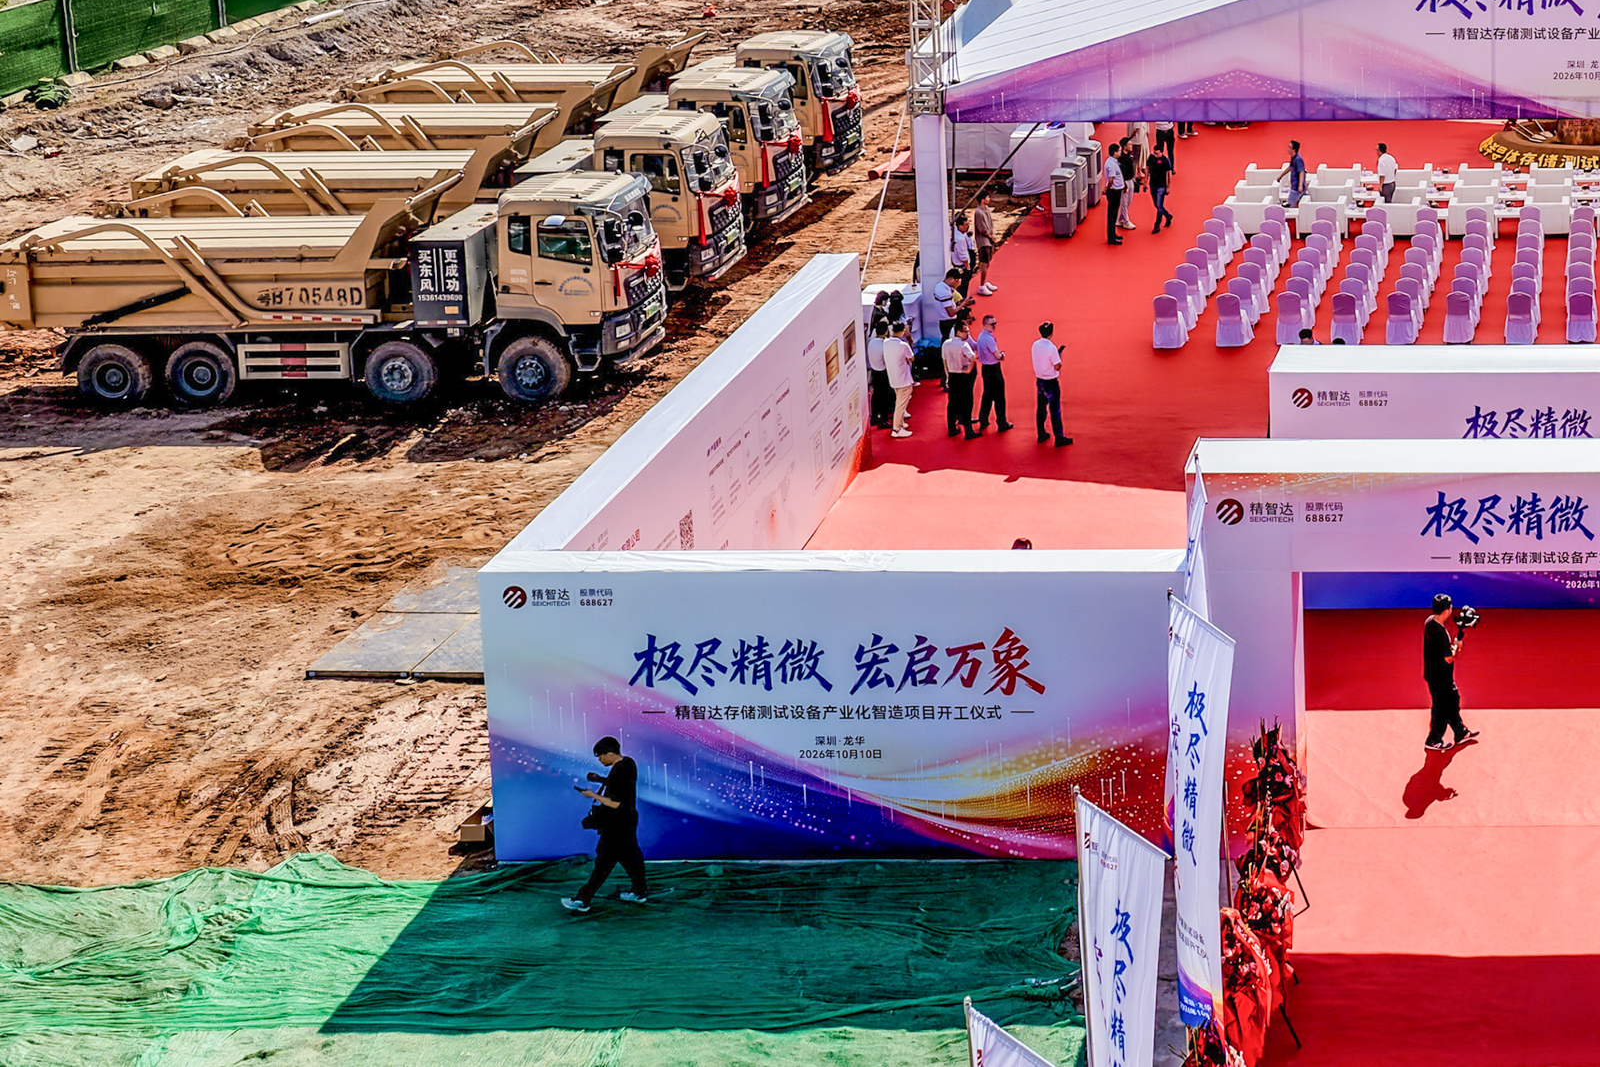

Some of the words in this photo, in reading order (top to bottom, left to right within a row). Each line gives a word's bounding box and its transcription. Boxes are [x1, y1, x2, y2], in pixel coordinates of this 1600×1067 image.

[418, 249, 434, 292] 买东风
[443, 249, 460, 292] 更成功
[257, 287, 362, 306] 粤B70548D
[1317, 390, 1350, 401] 精智达
[1359, 390, 1388, 398] 股票代码
[1359, 399, 1388, 407] 688627
[1461, 405, 1594, 438] 极尽精微
[1249, 502, 1293, 514] 精智达
[1305, 502, 1343, 511] 股票代码
[1305, 513, 1343, 522] 688627
[1420, 491, 1595, 544] 极尽精微
[532, 588, 570, 600] 精智达
[580, 589, 613, 597] 股票代码
[580, 598, 613, 607] 688627
[628, 633, 833, 696] 极尽精微
[850, 627, 1046, 696] 宏启万象
[675, 705, 1001, 720] 精智达存储测试设备产业化智造项目开工仪式
[798, 749, 882, 759] 2026年10月10日
[1182, 680, 1208, 867] 极尽精微
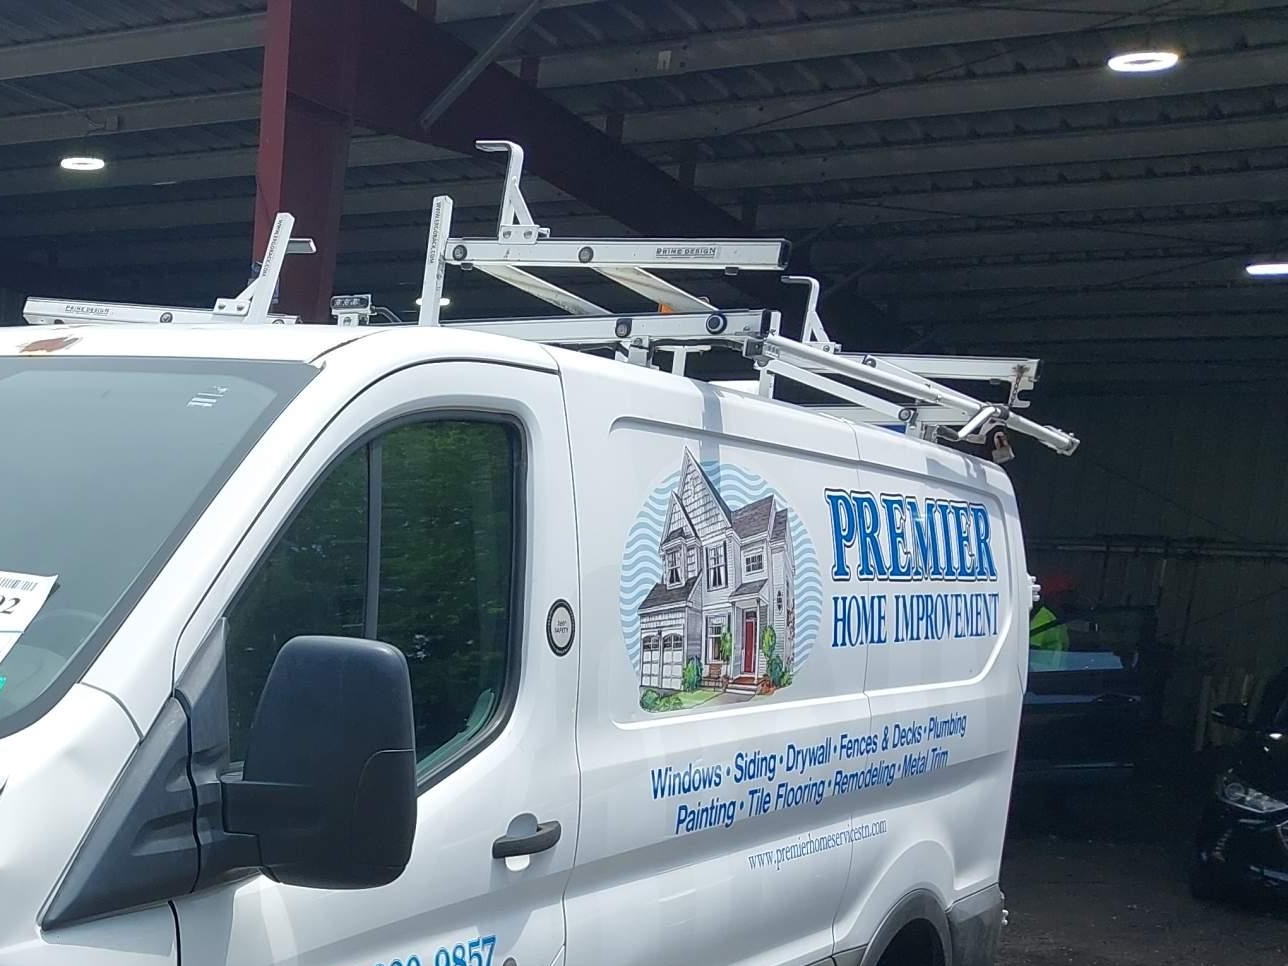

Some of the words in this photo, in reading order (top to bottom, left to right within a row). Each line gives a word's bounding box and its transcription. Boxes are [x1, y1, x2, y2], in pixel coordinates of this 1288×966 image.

[684, 247, 716, 256] DESIGN
[86, 306, 110, 315] DESIGN
[825, 488, 998, 582] PREMIER
[832, 595, 887, 647] HOME
[894, 592, 1000, 642] IMPROVEMENT
[651, 763, 722, 799] Windows
[734, 751, 776, 782] Siding
[785, 737, 832, 774] Drywall
[839, 734, 878, 760] Fences
[882, 726, 889, 751] &
[892, 723, 923, 749] Decks
[927, 713, 967, 740] Plumbing
[675, 798, 736, 835] Painting
[748, 788, 772, 817] Tile
[775, 777, 825, 811] Flooring
[832, 760, 896, 796] Remodeling
[901, 749, 928, 779] Metal
[929, 747, 949, 772] Trim
[748, 819, 888, 871] www.premierhomeservicestn.com

--- --- ---

• **What you have to do**: Set down each entry above word for word, without its pictures.

• **Result of this exercise**:
Some of the words in this photo, in reading order (top to bottom, left to right within a row). Each line gives a word's bounding box and its transcription. Boxes are [x1, y1, x2, y2], in pixel coordinates of this 1600×1067 image.

[418, 249, 434, 292] 买东风
[443, 249, 460, 292] 更成功
[257, 287, 362, 306] 粤B70548D
[1317, 390, 1350, 401] 精智达
[1359, 390, 1388, 398] 股票代码
[1359, 399, 1388, 407] 688627
[1461, 405, 1594, 438] 极尽精微
[1249, 502, 1293, 514] 精智达
[1305, 502, 1343, 511] 股票代码
[1305, 513, 1343, 522] 688627
[1420, 491, 1595, 544] 极尽精微
[532, 588, 570, 600] 精智达
[580, 589, 613, 597] 股票代码
[580, 598, 613, 607] 688627
[628, 633, 833, 696] 极尽精微
[850, 627, 1046, 696] 宏启万象
[675, 705, 1001, 720] 精智达存储测试设备产业化智造项目开工仪式
[798, 749, 882, 759] 2026年10月10日
[1182, 680, 1208, 867] 极尽精微

Some of the words in this photo, in reading order (top to bottom, left to right within a row). Each line gives a word's bounding box and its transcription. Boxes are [x1, y1, x2, y2], in pixel coordinates of this 1288×966 image.

[684, 247, 716, 256] DESIGN
[86, 306, 110, 315] DESIGN
[825, 488, 998, 582] PREMIER
[832, 595, 887, 647] HOME
[894, 592, 1000, 642] IMPROVEMENT
[651, 763, 722, 799] Windows
[734, 751, 776, 782] Siding
[785, 737, 832, 774] Drywall
[839, 734, 878, 760] Fences
[882, 726, 889, 751] &
[892, 723, 923, 749] Decks
[927, 713, 967, 740] Plumbing
[675, 798, 736, 835] Painting
[748, 788, 772, 817] Tile
[775, 777, 825, 811] Flooring
[832, 760, 896, 796] Remodeling
[901, 749, 928, 779] Metal
[929, 747, 949, 772] Trim
[748, 819, 888, 871] www.premierhomeservicestn.com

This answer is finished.